*** Opening of Task data ***

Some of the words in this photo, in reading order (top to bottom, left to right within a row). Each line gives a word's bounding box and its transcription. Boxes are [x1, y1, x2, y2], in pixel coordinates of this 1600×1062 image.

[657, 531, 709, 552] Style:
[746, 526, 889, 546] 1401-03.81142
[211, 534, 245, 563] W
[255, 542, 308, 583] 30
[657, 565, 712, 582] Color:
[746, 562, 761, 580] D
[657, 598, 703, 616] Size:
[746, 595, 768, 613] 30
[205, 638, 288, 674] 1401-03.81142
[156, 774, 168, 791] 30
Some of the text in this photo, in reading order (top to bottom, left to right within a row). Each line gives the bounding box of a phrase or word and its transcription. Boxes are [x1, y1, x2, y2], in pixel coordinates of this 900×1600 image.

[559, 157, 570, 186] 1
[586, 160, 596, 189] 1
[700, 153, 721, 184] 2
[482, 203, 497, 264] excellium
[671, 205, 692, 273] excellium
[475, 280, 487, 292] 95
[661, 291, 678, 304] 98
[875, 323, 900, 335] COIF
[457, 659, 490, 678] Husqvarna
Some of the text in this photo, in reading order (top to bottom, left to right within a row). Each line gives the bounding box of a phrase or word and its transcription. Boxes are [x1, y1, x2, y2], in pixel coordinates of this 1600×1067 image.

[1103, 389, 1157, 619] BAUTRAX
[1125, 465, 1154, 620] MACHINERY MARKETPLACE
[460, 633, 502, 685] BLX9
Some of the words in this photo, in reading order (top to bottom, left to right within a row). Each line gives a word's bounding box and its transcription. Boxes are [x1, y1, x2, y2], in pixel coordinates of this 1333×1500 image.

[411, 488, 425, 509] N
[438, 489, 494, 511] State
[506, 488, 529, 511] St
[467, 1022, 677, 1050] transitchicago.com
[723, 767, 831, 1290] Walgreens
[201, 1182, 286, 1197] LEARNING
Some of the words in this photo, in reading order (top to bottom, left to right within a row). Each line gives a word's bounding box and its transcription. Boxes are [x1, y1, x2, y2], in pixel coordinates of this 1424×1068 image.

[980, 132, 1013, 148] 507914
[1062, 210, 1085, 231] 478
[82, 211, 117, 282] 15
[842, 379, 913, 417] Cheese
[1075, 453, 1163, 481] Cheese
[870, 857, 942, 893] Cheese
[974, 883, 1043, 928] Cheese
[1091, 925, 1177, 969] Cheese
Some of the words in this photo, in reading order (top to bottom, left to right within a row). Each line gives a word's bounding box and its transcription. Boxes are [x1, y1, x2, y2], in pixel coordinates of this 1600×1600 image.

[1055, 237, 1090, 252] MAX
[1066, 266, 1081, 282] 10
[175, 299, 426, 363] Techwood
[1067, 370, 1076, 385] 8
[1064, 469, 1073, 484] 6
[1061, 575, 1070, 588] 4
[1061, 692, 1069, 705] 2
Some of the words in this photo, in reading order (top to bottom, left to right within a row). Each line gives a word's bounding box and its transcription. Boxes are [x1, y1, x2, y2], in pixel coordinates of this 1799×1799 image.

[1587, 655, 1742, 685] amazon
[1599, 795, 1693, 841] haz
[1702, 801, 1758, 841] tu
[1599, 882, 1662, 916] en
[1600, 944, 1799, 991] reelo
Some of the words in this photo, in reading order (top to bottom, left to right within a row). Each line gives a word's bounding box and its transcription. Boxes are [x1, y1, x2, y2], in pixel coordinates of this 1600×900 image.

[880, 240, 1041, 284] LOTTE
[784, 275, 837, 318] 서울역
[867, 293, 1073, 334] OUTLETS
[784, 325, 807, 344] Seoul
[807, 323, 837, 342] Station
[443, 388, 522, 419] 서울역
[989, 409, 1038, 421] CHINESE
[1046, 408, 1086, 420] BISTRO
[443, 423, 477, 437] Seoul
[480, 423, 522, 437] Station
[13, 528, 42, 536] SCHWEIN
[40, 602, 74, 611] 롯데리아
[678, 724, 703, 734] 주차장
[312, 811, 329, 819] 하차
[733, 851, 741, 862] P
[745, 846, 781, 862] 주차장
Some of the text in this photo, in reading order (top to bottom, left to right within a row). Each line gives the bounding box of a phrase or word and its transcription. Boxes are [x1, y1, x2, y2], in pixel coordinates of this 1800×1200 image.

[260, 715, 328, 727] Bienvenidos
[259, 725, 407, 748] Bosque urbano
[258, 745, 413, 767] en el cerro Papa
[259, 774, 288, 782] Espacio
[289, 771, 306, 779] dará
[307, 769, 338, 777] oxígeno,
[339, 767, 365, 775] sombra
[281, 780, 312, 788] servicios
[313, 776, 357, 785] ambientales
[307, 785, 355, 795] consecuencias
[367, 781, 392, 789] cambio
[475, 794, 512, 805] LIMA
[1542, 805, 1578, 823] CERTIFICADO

*** Close of Task data ***

**Required work:** Copy out every line of the data above, exactly as given.

**Task result:**
Some of the words in this photo, in reading order (top to bottom, left to right within a row). Each line gives a word's bounding box and its transcription. Boxes are [x1, y1, x2, y2], in pixel coordinates of this 1600×1062 image.

[657, 531, 709, 552] Style:
[746, 526, 889, 546] 1401-03.81142
[211, 534, 245, 563] W
[255, 542, 308, 583] 30
[657, 565, 712, 582] Color:
[746, 562, 761, 580] D
[657, 598, 703, 616] Size:
[746, 595, 768, 613] 30
[205, 638, 288, 674] 1401-03.81142
[156, 774, 168, 791] 30
Some of the text in this photo, in reading order (top to bottom, left to right within a row). Each line gives the bounding box of a phrase or word and its transcription. Boxes are [x1, y1, x2, y2], in pixel coordinates of this 900×1600 image.

[559, 157, 570, 186] 1
[586, 160, 596, 189] 1
[700, 153, 721, 184] 2
[482, 203, 497, 264] excellium
[671, 205, 692, 273] excellium
[475, 280, 487, 292] 95
[661, 291, 678, 304] 98
[875, 323, 900, 335] COIF
[457, 659, 490, 678] Husqvarna
Some of the text in this photo, in reading order (top to bottom, left to right within a row). Each line gives the bounding box of a phrase or word and its transcription. Boxes are [x1, y1, x2, y2], in pixel coordinates of this 1600×1067 image.

[1103, 389, 1157, 619] BAUTRAX
[1125, 465, 1154, 620] MACHINERY MARKETPLACE
[460, 633, 502, 685] BLX9
Some of the words in this photo, in reading order (top to bottom, left to right within a row). Each line gives a word's bounding box and its transcription. Boxes are [x1, y1, x2, y2], in pixel coordinates of this 1333×1500 image.

[411, 488, 425, 509] N
[438, 489, 494, 511] State
[506, 488, 529, 511] St
[467, 1022, 677, 1050] transitchicago.com
[723, 767, 831, 1290] Walgreens
[201, 1182, 286, 1197] LEARNING
Some of the words in this photo, in reading order (top to bottom, left to right within a row). Each line gives a word's bounding box and its transcription. Boxes are [x1, y1, x2, y2], in pixel coordinates of this 1424×1068 image.

[980, 132, 1013, 148] 507914
[1062, 210, 1085, 231] 478
[82, 211, 117, 282] 15
[842, 379, 913, 417] Cheese
[1075, 453, 1163, 481] Cheese
[870, 857, 942, 893] Cheese
[974, 883, 1043, 928] Cheese
[1091, 925, 1177, 969] Cheese
Some of the words in this photo, in reading order (top to bottom, left to right within a row). Each line gives a word's bounding box and its transcription. Boxes are [x1, y1, x2, y2], in pixel coordinates of this 1600×1600 image.

[1055, 237, 1090, 252] MAX
[1066, 266, 1081, 282] 10
[175, 299, 426, 363] Techwood
[1067, 370, 1076, 385] 8
[1064, 469, 1073, 484] 6
[1061, 575, 1070, 588] 4
[1061, 692, 1069, 705] 2
Some of the words in this photo, in reading order (top to bottom, left to right within a row). Each line gives a word's bounding box and its transcription. Boxes are [x1, y1, x2, y2], in pixel coordinates of this 1799×1799 image.

[1587, 655, 1742, 685] amazon
[1599, 795, 1693, 841] haz
[1702, 801, 1758, 841] tu
[1599, 882, 1662, 916] en
[1600, 944, 1799, 991] reelo
Some of the words in this photo, in reading order (top to bottom, left to right within a row). Each line gives a word's bounding box and its transcription. Boxes are [x1, y1, x2, y2], in pixel coordinates of this 1600×900 image.

[880, 240, 1041, 284] LOTTE
[784, 275, 837, 318] 서울역
[867, 293, 1073, 334] OUTLETS
[784, 325, 807, 344] Seoul
[807, 323, 837, 342] Station
[443, 388, 522, 419] 서울역
[989, 409, 1038, 421] CHINESE
[1046, 408, 1086, 420] BISTRO
[443, 423, 477, 437] Seoul
[480, 423, 522, 437] Station
[13, 528, 42, 536] SCHWEIN
[40, 602, 74, 611] 롯데리아
[678, 724, 703, 734] 주차장
[312, 811, 329, 819] 하차
[733, 851, 741, 862] P
[745, 846, 781, 862] 주차장
Some of the text in this photo, in reading order (top to bottom, left to right within a row). Each line gives the bounding box of a phrase or word and its transcription. Boxes are [x1, y1, x2, y2], in pixel coordinates of this 1800×1200 image.

[260, 715, 328, 727] Bienvenidos
[259, 725, 407, 748] Bosque urbano
[258, 745, 413, 767] en el cerro Papa
[259, 774, 288, 782] Espacio
[289, 771, 306, 779] dará
[307, 769, 338, 777] oxígeno,
[339, 767, 365, 775] sombra
[281, 780, 312, 788] servicios
[313, 776, 357, 785] ambientales
[307, 785, 355, 795] consecuencias
[367, 781, 392, 789] cambio
[475, 794, 512, 805] LIMA
[1542, 805, 1578, 823] CERTIFICADO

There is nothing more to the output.